Top of MATERIAL PROVIDED

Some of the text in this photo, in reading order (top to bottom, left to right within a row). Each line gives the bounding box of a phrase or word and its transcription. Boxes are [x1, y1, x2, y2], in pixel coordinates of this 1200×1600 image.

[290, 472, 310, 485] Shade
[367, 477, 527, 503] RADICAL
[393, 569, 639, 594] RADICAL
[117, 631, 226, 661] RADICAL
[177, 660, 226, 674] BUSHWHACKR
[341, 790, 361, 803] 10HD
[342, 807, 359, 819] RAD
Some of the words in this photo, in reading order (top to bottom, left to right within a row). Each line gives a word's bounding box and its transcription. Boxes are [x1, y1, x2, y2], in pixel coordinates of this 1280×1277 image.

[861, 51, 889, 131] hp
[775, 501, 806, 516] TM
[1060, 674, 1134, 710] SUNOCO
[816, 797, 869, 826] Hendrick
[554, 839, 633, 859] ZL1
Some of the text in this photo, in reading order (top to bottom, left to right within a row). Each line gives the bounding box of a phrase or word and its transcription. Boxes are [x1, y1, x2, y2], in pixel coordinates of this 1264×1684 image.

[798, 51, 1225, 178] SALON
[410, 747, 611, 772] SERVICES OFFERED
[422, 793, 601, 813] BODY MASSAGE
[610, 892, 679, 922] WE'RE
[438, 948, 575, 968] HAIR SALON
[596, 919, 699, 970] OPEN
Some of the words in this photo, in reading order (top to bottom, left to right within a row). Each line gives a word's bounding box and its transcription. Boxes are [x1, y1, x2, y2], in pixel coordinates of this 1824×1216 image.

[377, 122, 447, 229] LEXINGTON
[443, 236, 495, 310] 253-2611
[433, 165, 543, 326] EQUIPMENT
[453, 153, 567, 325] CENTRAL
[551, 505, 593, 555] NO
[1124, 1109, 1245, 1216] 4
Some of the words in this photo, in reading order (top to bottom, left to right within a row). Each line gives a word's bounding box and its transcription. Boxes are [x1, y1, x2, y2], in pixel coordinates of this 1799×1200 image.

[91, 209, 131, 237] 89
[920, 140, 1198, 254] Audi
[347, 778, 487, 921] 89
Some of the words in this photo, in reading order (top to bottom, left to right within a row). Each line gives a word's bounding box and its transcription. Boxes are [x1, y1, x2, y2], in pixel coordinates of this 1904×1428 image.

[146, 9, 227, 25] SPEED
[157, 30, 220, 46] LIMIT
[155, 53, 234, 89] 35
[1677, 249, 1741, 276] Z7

Bottom of MATERIAL PROVIDED

EXERCISE:
Extract the full listing above without altering anything.

TASK ANSWER:
Some of the text in this photo, in reading order (top to bottom, left to right within a row). Each line gives the bounding box of a phrase or word and its transcription. Boxes are [x1, y1, x2, y2], in pixel coordinates of this 1200×1600 image.

[290, 472, 310, 485] Shade
[367, 477, 527, 503] RADICAL
[393, 569, 639, 594] RADICAL
[117, 631, 226, 661] RADICAL
[177, 660, 226, 674] BUSHWHACKR
[341, 790, 361, 803] 10HD
[342, 807, 359, 819] RAD
Some of the words in this photo, in reading order (top to bottom, left to right within a row). Each line gives a word's bounding box and its transcription. Boxes are [x1, y1, x2, y2], in pixel coordinates of this 1280×1277 image.

[861, 51, 889, 131] hp
[775, 501, 806, 516] TM
[1060, 674, 1134, 710] SUNOCO
[816, 797, 869, 826] Hendrick
[554, 839, 633, 859] ZL1
Some of the text in this photo, in reading order (top to bottom, left to right within a row). Each line gives the bounding box of a phrase or word and its transcription. Boxes are [x1, y1, x2, y2], in pixel coordinates of this 1264×1684 image.

[798, 51, 1225, 178] SALON
[410, 747, 611, 772] SERVICES OFFERED
[422, 793, 601, 813] BODY MASSAGE
[610, 892, 679, 922] WE'RE
[438, 948, 575, 968] HAIR SALON
[596, 919, 699, 970] OPEN
Some of the words in this photo, in reading order (top to bottom, left to right within a row). Each line gives a word's bounding box and its transcription. Boxes are [x1, y1, x2, y2], in pixel coordinates of this 1824×1216 image.

[377, 122, 447, 229] LEXINGTON
[443, 236, 495, 310] 253-2611
[433, 165, 543, 326] EQUIPMENT
[453, 153, 567, 325] CENTRAL
[551, 505, 593, 555] NO
[1124, 1109, 1245, 1216] 4
Some of the words in this photo, in reading order (top to bottom, left to right within a row). Each line gives a word's bounding box and its transcription. Boxes are [x1, y1, x2, y2], in pixel coordinates of this 1799×1200 image.

[91, 209, 131, 237] 89
[920, 140, 1198, 254] Audi
[347, 778, 487, 921] 89
Some of the words in this photo, in reading order (top to bottom, left to right within a row). Each line gives a word's bounding box and its transcription. Boxes are [x1, y1, x2, y2], in pixel coordinates of this 1904×1428 image.

[146, 9, 227, 25] SPEED
[157, 30, 220, 46] LIMIT
[155, 53, 234, 89] 35
[1677, 249, 1741, 276] Z7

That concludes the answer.